Het bevel lijkt een directe reactie te zijn op de prejudiciële vragen die gesteld zijn door de Internationale rechtshulpkamer in Amsterdam aan het HvJEU inzake de onafhankelijkheid van de Poolse rechterlijke macht in relatie tot het uitvaardigen van een EAB. Zoals in onze brief van 6 oktober jl. (Kamerstuk 29 279, nr. 619) aangegeven, wordt uw Kamer hierover nader geïnformeerd zodra er een uitspraak is van het HvJEU.
Het is echter niet primair aan Nederland, maar aan de Europese Commissie als onafhankelijk hoedster van de verdragen om EU-lidstaten aan te spreken indien zij in strijd handelen met het Europees recht, waaronder het kaderbesluit EAB. Nederland zal waar mogelijk en opportuun in Europees en bilateraal verband aandacht vragen voor dit onderwerp.

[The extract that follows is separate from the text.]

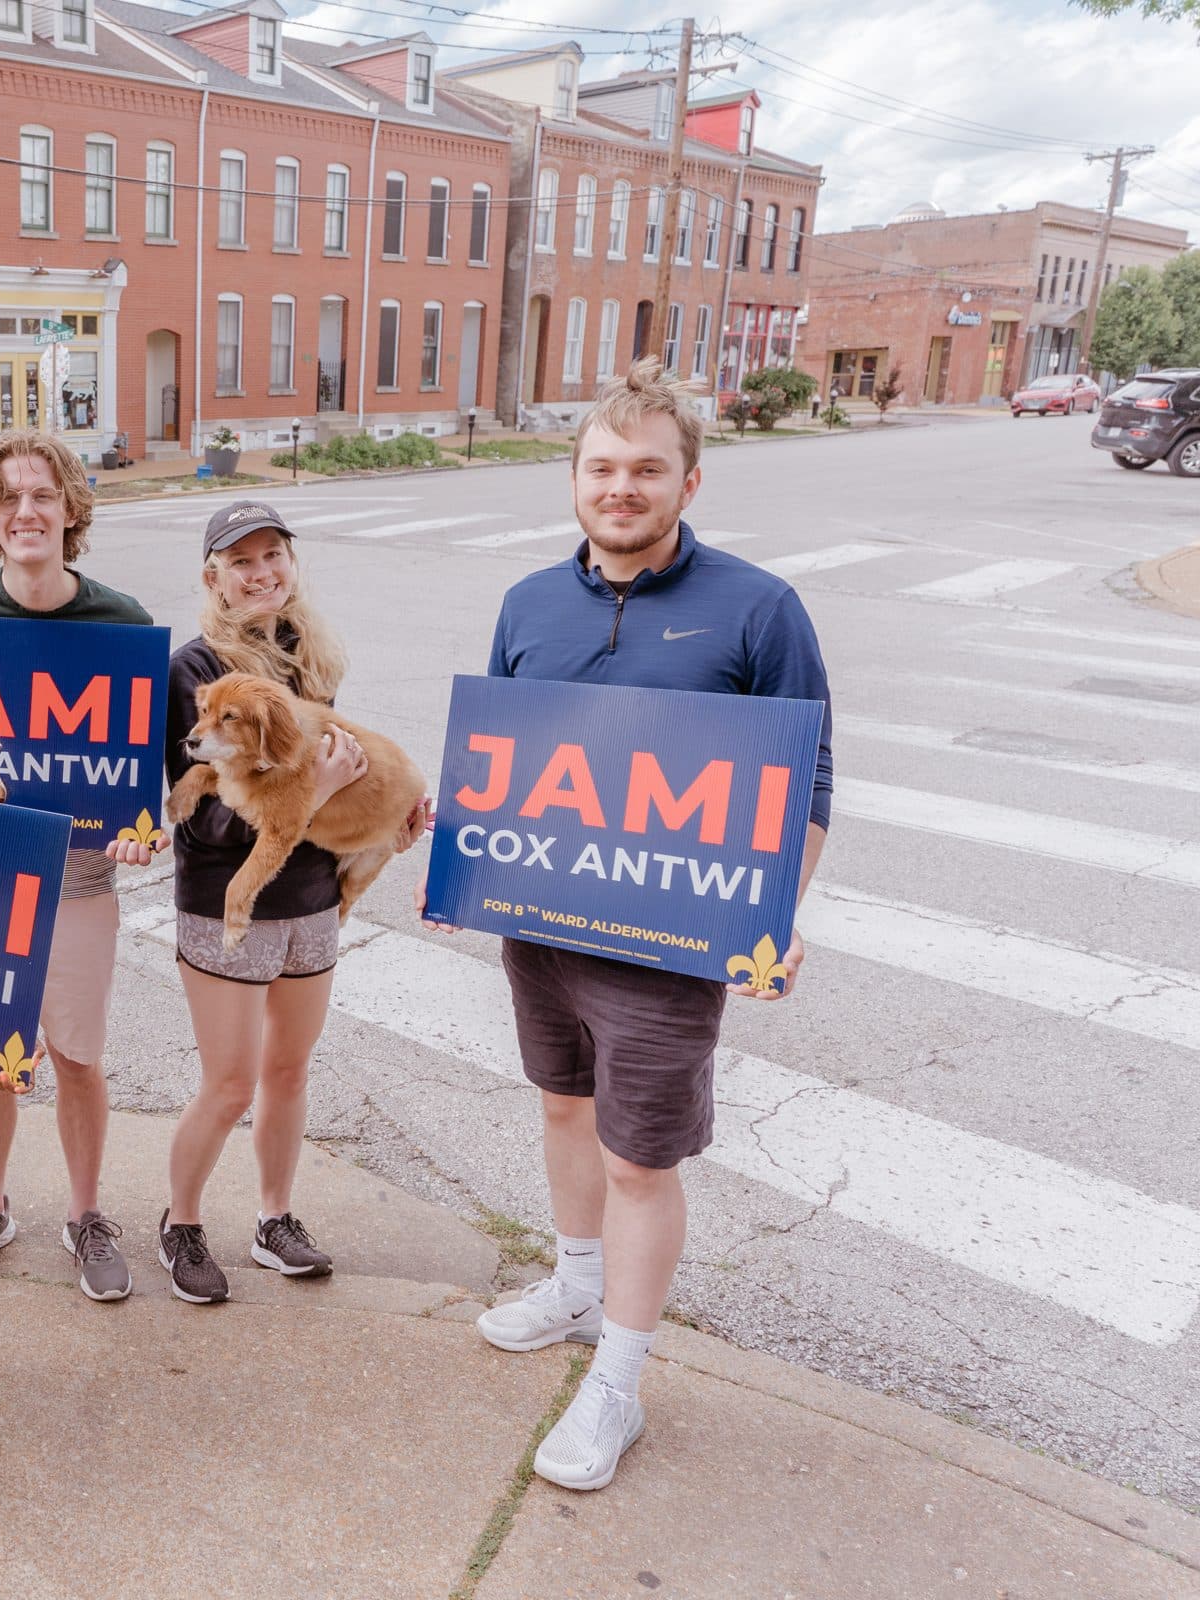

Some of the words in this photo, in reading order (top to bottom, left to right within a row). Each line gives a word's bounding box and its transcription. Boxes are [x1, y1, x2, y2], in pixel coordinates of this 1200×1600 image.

Het kaderbesluit EAB is van zeer groot belang voor de praktijk en de justitiële samenwerking binnen de EU. We houden de gevolgen van het bevel van de Poolse nationale aanklager voor de praktijk in Nederland nauwlettend in de gaten.
Het Openbaar Ministerie heeft mij reeds laten weten op de gebruikelijke wijze, conform het kaderbesluit EAB, door te gaan met het laten uitvaardigen van EAB’s via de rechter-commissaris als uitvaardigende justitiële autoriteit.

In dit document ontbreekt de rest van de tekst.